Japanese Chrono Trigger: Rethinking Time and Longevity

 

Do You Chase Time, or Do You Let It Come to You?

Rethinking Longevity Through Japanese Wisdom and Modern Science

Did you know that how you perceive time might be just as important for your longevity as your biomarkers?

We are obsessed with "saving" time. We treat it like a finite resource to be managed, hacked, and controlled. But what if I told you that in the cage, fighting for my life, time didn't exist at all? And what if the ancient Japanese understood something about time that modern biohackers are just beginning to rediscover?

At the recent Hololife Summit 2025 in Tokyo, I challenged the audience to rethink their relationship with time, testosterone, and human optimization. We often get lost in the biochemistry, but true longevity isn't just about living to 120—it's about the depth of the life you live today.

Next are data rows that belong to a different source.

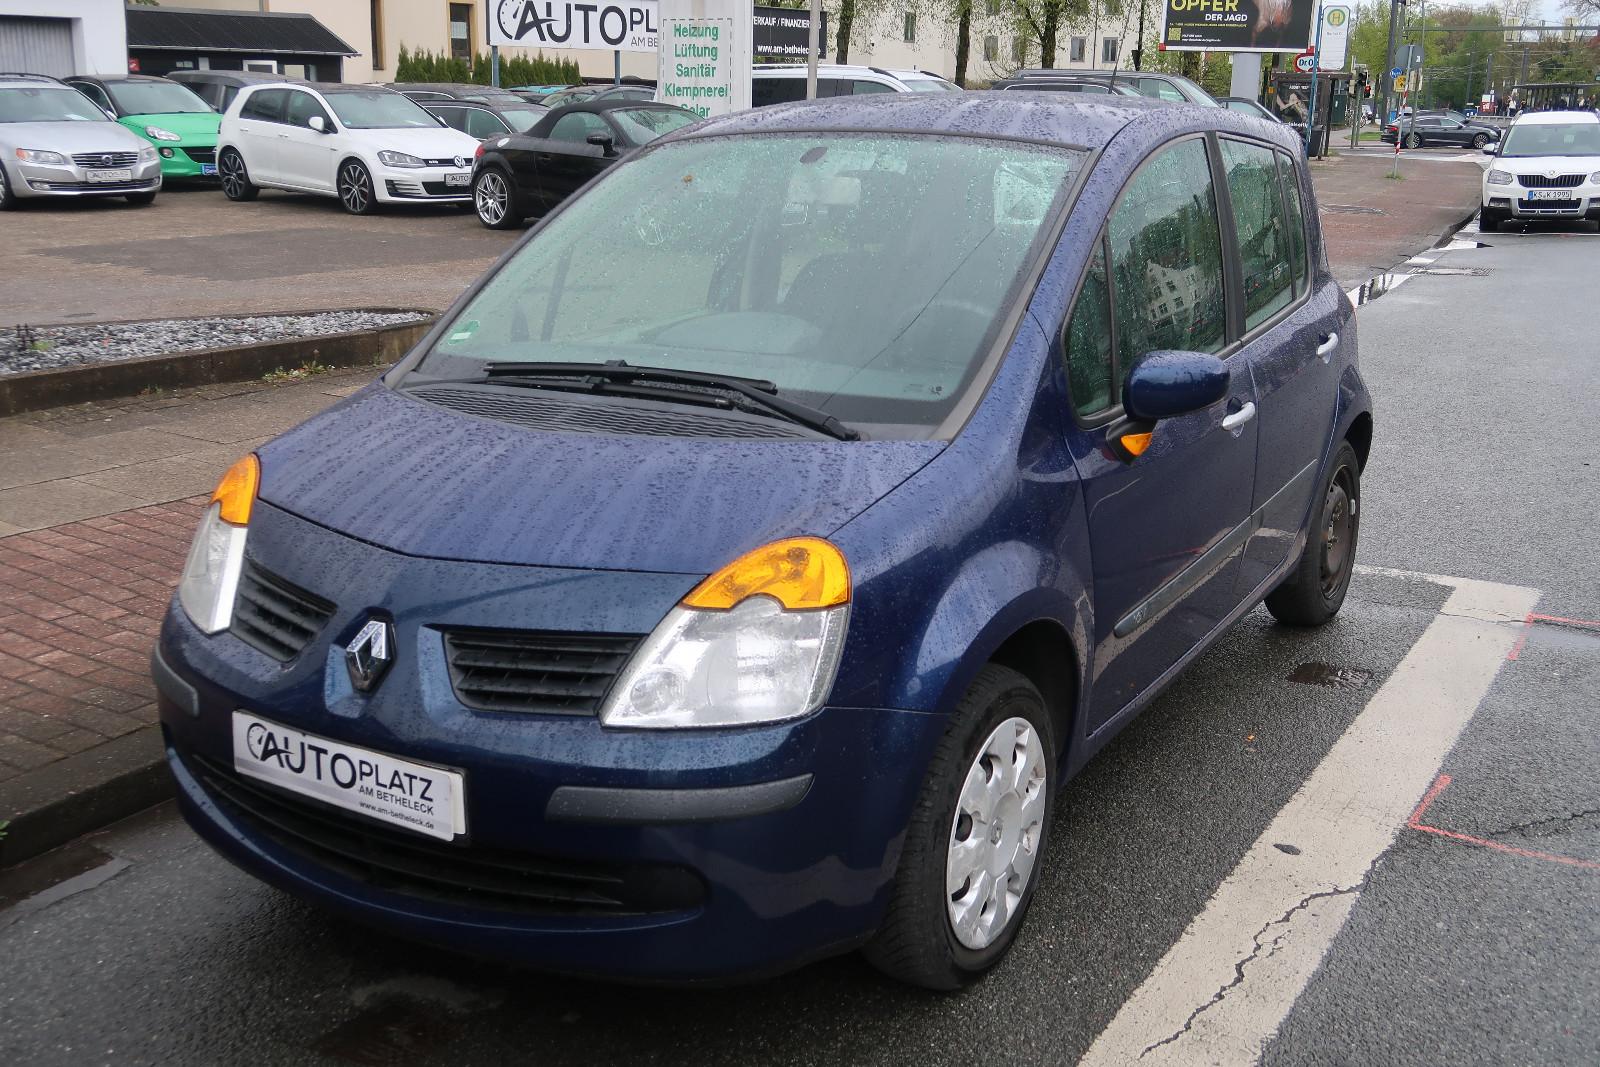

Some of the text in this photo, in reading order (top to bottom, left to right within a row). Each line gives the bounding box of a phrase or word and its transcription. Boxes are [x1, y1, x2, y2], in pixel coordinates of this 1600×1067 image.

[1171, 0, 1239, 11] OPFER
[674, 24, 719, 40] Heizung
[631, 37, 645, 47] AM
[674, 44, 718, 61] Lüftung
[676, 64, 716, 78] Sanitär
[665, 83, 728, 99] Klempnerei
[260, 732, 433, 802] AUTOPLATZ
[359, 785, 434, 816] AM BETHELECK

Here are the key takeaways from my presentation on blending ancient philosophy with cutting-edge science.

Chasing the future costs your present; your internal time clock burns your own present for the future. Mastering time is not to control it, but to synchronize it. Live not longer, but deeper—because you live at the moment deeper.

— Tateki Matsuda

Quick Show Notes & Takeaways

  • Philosophy: Shift from "managing" time to "synchronizing" with it. Stop chasing the future at the expense of the present.

  • Rhythms: optimize your schedule based on Circadian (daily) and Infradian (monthly/seasonal) rhythms.

  • Community: Prioritize social connection to combat the isolation of aging.

  • No master clock: Time is relative (physics) and local (biology); live your proper time.

  • Coherence > accumulation: Align circadian/infradian clocks; longevity emerges from synchronization.

  • Reflective optimization: Data is useful—pair it with presence or you only accelerate.

  • Design for variability: Honor menstrual cycles and seasonal rhythms—optimize with nature, not against it.

  • Depth per second: Novelty, relationships, and mindful solitude stretch lived time.

You reframe longevity from “chasing more time” to synchronizing with time. Drawing on physics, chronobiology, Japanese time culture (Wadokei/不定時法), and Zen—as well as your MMA experience of flow—you show that healthspan expands when we align our body’s clocks (circadian/infradian), our social rhythms, and our moment-to-moment awareness. Western optimization (“time is money”) is rational, but incomplete without presence. The Japanese lens adds reciprocity with nature: time doesn’t just pass; it approaches—and our task is to receive it well.

Shownote:

The Philosophy of Time

Janet’s Law / Time Compression > The Theory of Morals by Paul Janet, Mary Chapman Review by: Francis G. Peabody Science, Vol. 3, No. 59 (Mar. 21, 1884), pp. 360-362 (3 pages)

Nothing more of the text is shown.